Zeke s’écarta du trou dans le toit et se réfugia dans l’angle, près de l’endroit où Rudy se tapissait et s’accrochait, en attendant que ça passe. L’adolescent attendit également, s’agrippant au mur, priant pour que les choses n’empirent pas et que le bâtiment sur lequel il était agenouillé continue de résister.
— Il suffit d’attendre que ça passe, annonça Rudy.
S’il n’avait pas l’air complètement confiant, il ne semblait pas non plus étonné. Il s’arc-bouta contre les briques et tendit une main pour attraper Zeke.
Celui-ci n’eut pas le sentiment d’être davantage en sécurité, mais la présence de l’homme le réconfortait malgré tout. Il prit sa main et se rapprocha de lui et du mur. Lorsque le tremblement assourdissant atteignit son apogée, le garçon ferma les yeux parce qu’il ne sut que faire d’autre.
— Premier séisme ? demanda Rudy d’un ton badin, sans pour autant relâcher la pression qu’il exerçait sur le bras de Zeke.
— De cette ampleur, oui, répondit le garçon.
Comme ses dents s’entrechoquaient quand il essayait de parler, il ferma la bouche.

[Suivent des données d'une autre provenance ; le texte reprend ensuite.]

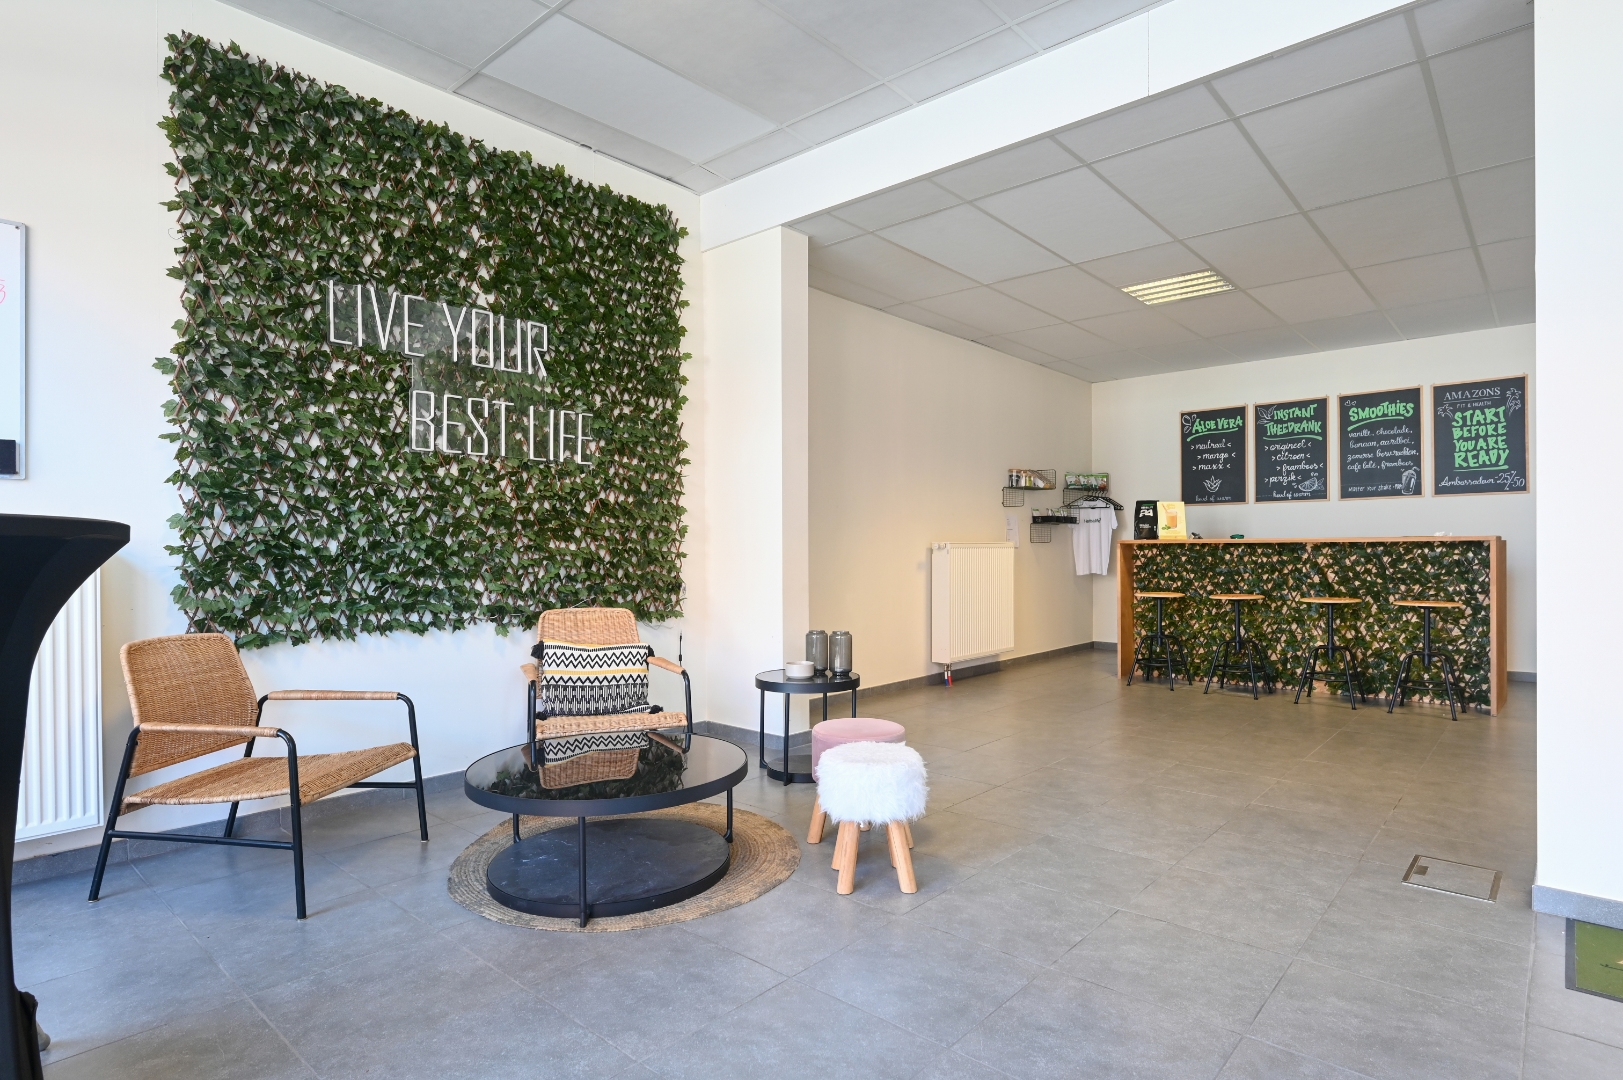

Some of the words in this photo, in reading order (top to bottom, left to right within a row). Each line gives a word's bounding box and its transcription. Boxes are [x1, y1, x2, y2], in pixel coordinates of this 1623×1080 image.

[329, 279, 425, 357] LIVE
[442, 303, 548, 377] YOUR
[1443, 386, 1501, 401] AMAZONS
[1274, 404, 1317, 420] INSTANT
[1452, 406, 1506, 426] START
[412, 390, 514, 456] BEST
[530, 405, 594, 465] LIFE
[1192, 418, 1217, 433] ALOE
[1217, 415, 1243, 429] VERA
[1264, 420, 1322, 436] THEEDRANK
[1452, 422, 1507, 439] BEFORE
[1453, 439, 1475, 452] YOU
[1477, 436, 1508, 450] ARE
[1453, 448, 1509, 467] READY

Et ce fut terminé, de façon presque aussi soudaine que cela avait débuté. Les ondes puissantes ne s’arrêtèrent pas d’un seul coup, mais elles diminuèrent nettement, puis se réduisirent à un frémissement, pour finir par ne plus être qu’un léger frisson.
Cela avait duré en tout et pour tout deux minutes.
Zeke avait les jambes en compote. Il tenta de se redresser en s’aidant du mur et du bras de Rudy et arriva tant bien que mal à se mettre debout. Ses genoux faillirent céder, mais il arriva à les bloquer. Il se tenait bien droit, sur le qui-vive, sachant très bien que le vacarme et les secousses pouvaient reprendre d’un moment à l’autre.
Mais rien ne se passa.
Le bruit s’était tu et le formidable grondement avait laissé place au crépitement des vieilles briques qui s’ajustaient et à l’effritement de la maçonnerie.
— C’était… c’était… balbutia Zeke.
— Un tremblement de terre, c’est tout. Ne fais pas une montagne d’un séisme de rien du tout.
— Je n’en avais jamais connu d’aussi fort avant.
— Eh bien maintenant, c’est fait, répondit Rudy. Mais celui-ci n’était pas si impressionnant que ça. On l’a sans doute ressenti plus fort parce qu’on est en hauteur. Quoi qu’il en soit, il va falloir se dépêcher. Il est possible que les tunnels se soient effondrés et que l’on doive improviser un nouveau trajet. On va voir.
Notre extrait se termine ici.